Notes from this article.
Why do toxic people do toxic things?
Toxic people thrive on control… the type that keeps people small and diminished.
Everything they do is to keep people small and manageable… criticism, judgement, oppression – whatever it takes to keep someone in their place. The more you try to step out of ‘your place’, the more a toxic person will call on toxic behaviour to bring you back and squash you into the tiny box they believe you belong in.
…at the heart of their behaviour is the lack of concern around their impact on others. They come with a critical failure to see past their own needs and wants.
Even the strongest people… are likely to evolve into someone who is a smaller, less confident, more wounded version of the person they used to be.
Non-toxic people will strive to make the relationship work and when they do, the toxic person has exactly what he or she wants – control.
…we hang on to the belief that we have to stay connected and loyal, even though being with them hurts…When loyalty comes with a diminishing of the self, it’s not loyalty, it’s submission.
Why are toxic relationships so destructive?
…Healthy people welcome the support and growth of the people they love, even if it means having to change a little to accommodate…
…healthy families and relationships will work through the tough stuff. Unhealthy ones will blame, manipulate and lie – whatever they have to do to return things to the way they’ve always been, with the toxic person in control.
Toxic Relationships – Why they will never change
Reasonable people, however strong and independently minded they are, can easily be drawn into thinking that if they could find the switch, do less, do more, manage it, tweak it, that the relationship will be okay. The cold truth is that if anything was going to be different it would have happened by now.
Toxic people can change, but it’s highly unlikely. What is certain is that nothing anyone else does can change them. It is likely there will be broken people, broken hearts and broken relationships around them – but the carnage will always be explained away as someone else’s fault. There will be no remorse, regret or insight.
If you try to leave a toxic person, things might get worse before they get better – but they will always get better. Always.
Few things will ramp up feelings of insecurity or a need for control more than when someone questions familiar, old behaviour, or tries to break away from old, established patterns… when something feels as though it’s changing, they will use even more of their typical toxic behaviour to bring the relationship (or the person) back to a state that feels acceptable.
…For a toxic family or toxic relationships, that shape is rigid and unyielding. There is no flexibility, no bending, and no room for growth. Everyone has a clearly defined space and for some, that space will be small and heavily boxed. When one person starts to break out of the shape… toxic people will do whatever it takes to restore the space to the way it was. Often, that will mean crumpling the ones who are changing so they fit their space again.
Sometimes toxic people will hide behind the defence that…what they do is ‘no big deal’ and that you’re the one causing the trouble because you’re just too sensitive, too serious… too ‘whatever’…
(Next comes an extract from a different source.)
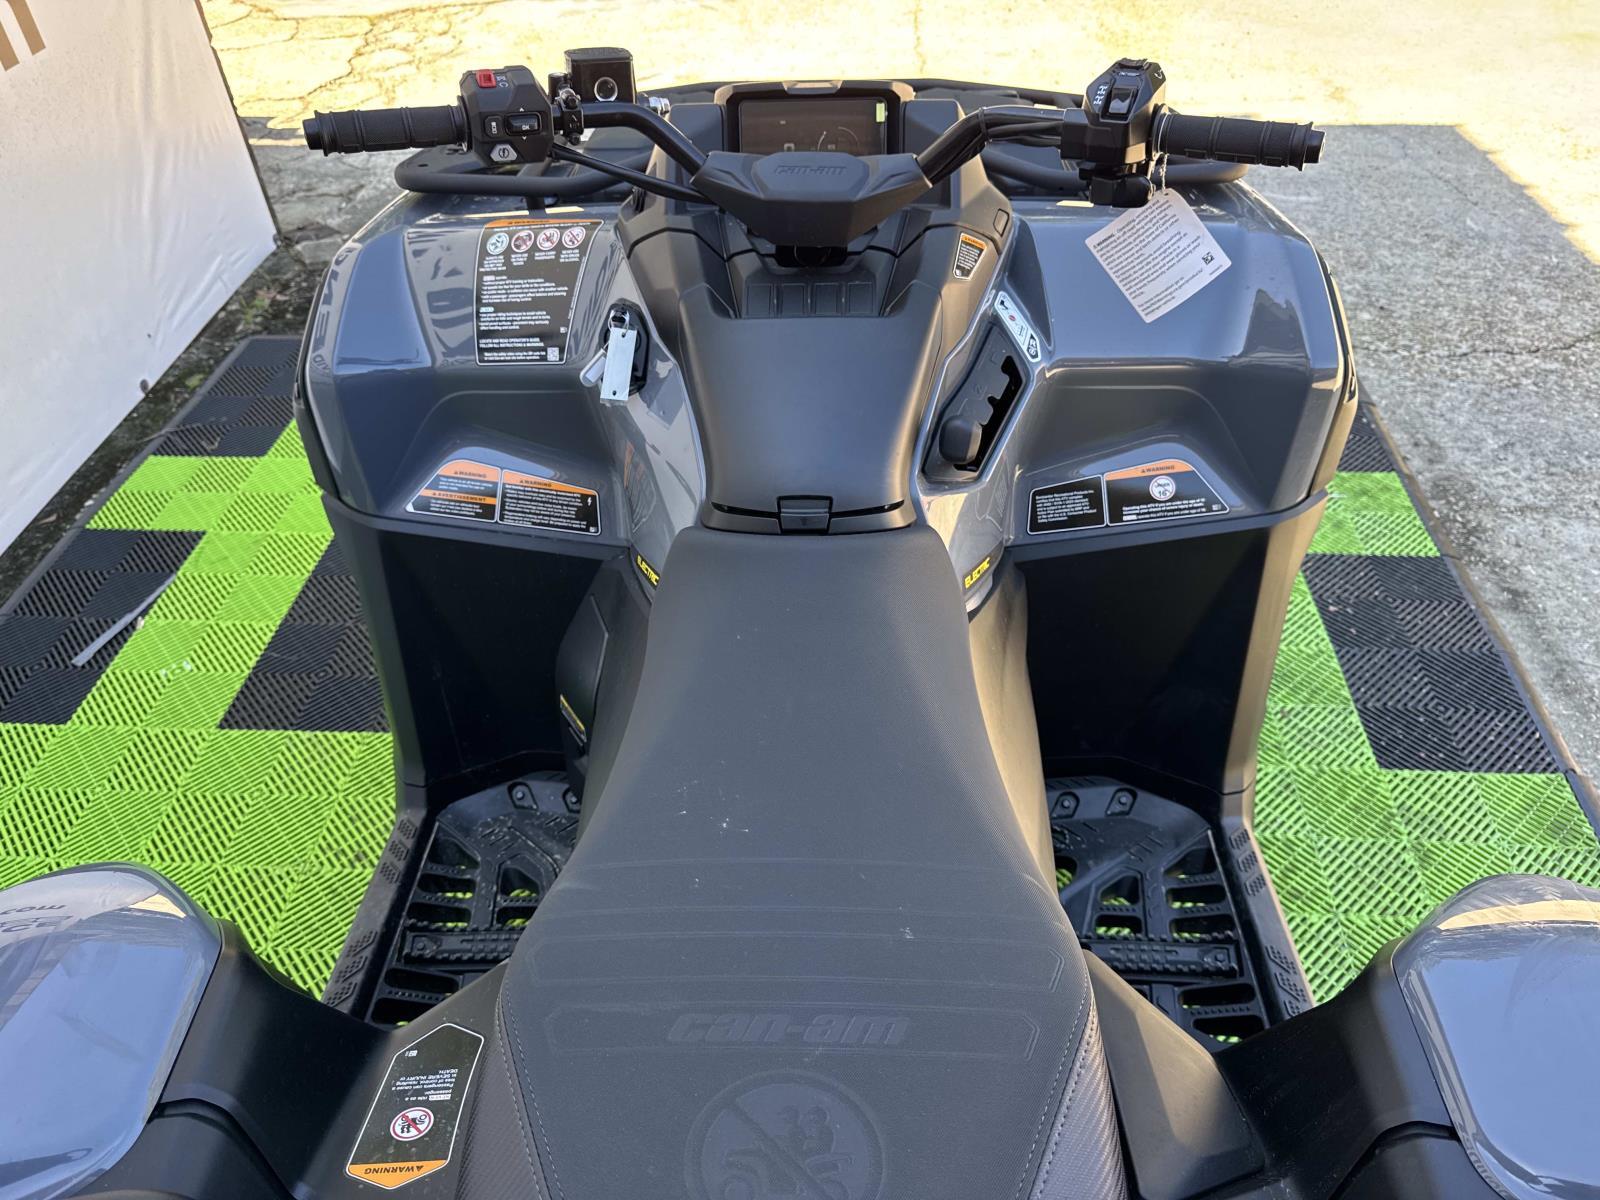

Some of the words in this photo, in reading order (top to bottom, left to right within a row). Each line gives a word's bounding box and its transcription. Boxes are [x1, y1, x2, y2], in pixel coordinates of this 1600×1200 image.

[637, 555, 660, 586] ELECTRIC
[964, 557, 990, 588] ELECTRIC
[364, 1166, 414, 1174] WARNING
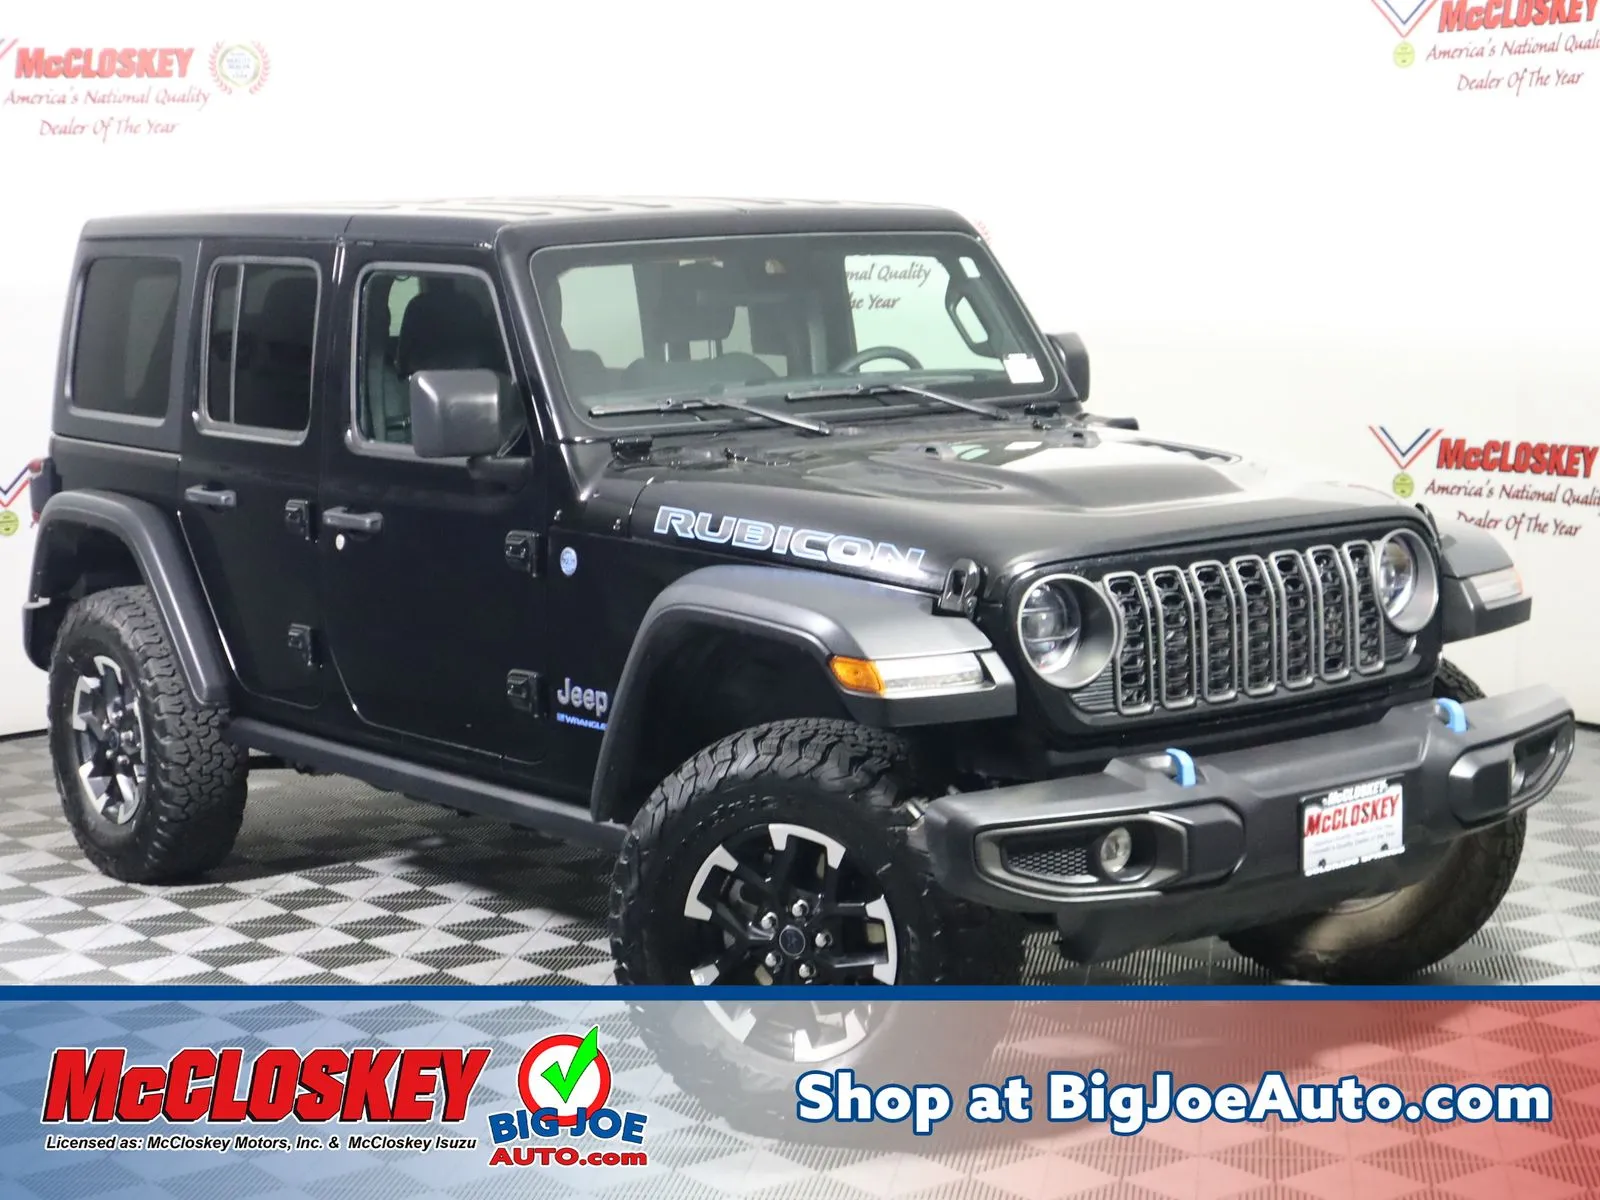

If it hurts, it’s hurtful. Full stop.
Love never holds people back from growing. It doesn’t diminish, and it doesn’t contaminate. If someone loves you, it feels like love. It feels supportive and nurturing and life-giving. If it doesn’t do this, it’s not love. It’s self-serving crap designed to keep you tethered and bound to someone else’s idea of how you should be.
There is no such thing as a perfect relationship, but a healthy one is a tolerant, loving, accepting, responsive one.
The one truth that matters.
If it feels like growth or something that will nourish you, follow that. It might mean walking away from people you care about… the door left open for when they are able to meet you closer to your terms – ones that don’t break you.
Set the boundaries… and leave it to the toxic person to decide which side of that boundary they want to stand on… If the relationship ends, it’s not because of your lack of love or loyalty, but because the toxic person chose not to treat you in the way you deserve. Their choice.
…The choice to trample over what you need means they are choosing not to be with you. It doesn’t mean you are excluding them from your life.
Toxic people also have their conditions of relationship… they are likely to include an expectation that you will tolerate ridicule, judgement, criticism, oppression, lying, manipulation – whatever they do. No relationship is worth that…
… Sometimes choosing health and wholeness means stepping bravely away from that which would see your spirit broken and malnourished.
The growth
Walking away from a toxic relationship isn’t easy, but it is always brave and always strong. It is always okay. And it is always – always – worth it.
…Letting go will likely come with… anger and grief for the family… you thought you had… Keep moving forward and let every hurtful, small-hearted thing they say or do fuel your step.
…keep the door open on your terms, for whenever they are ready to treat you with love, respect and kindness. This is one of the hardest lessons but one of the most life-giving and courageous ones.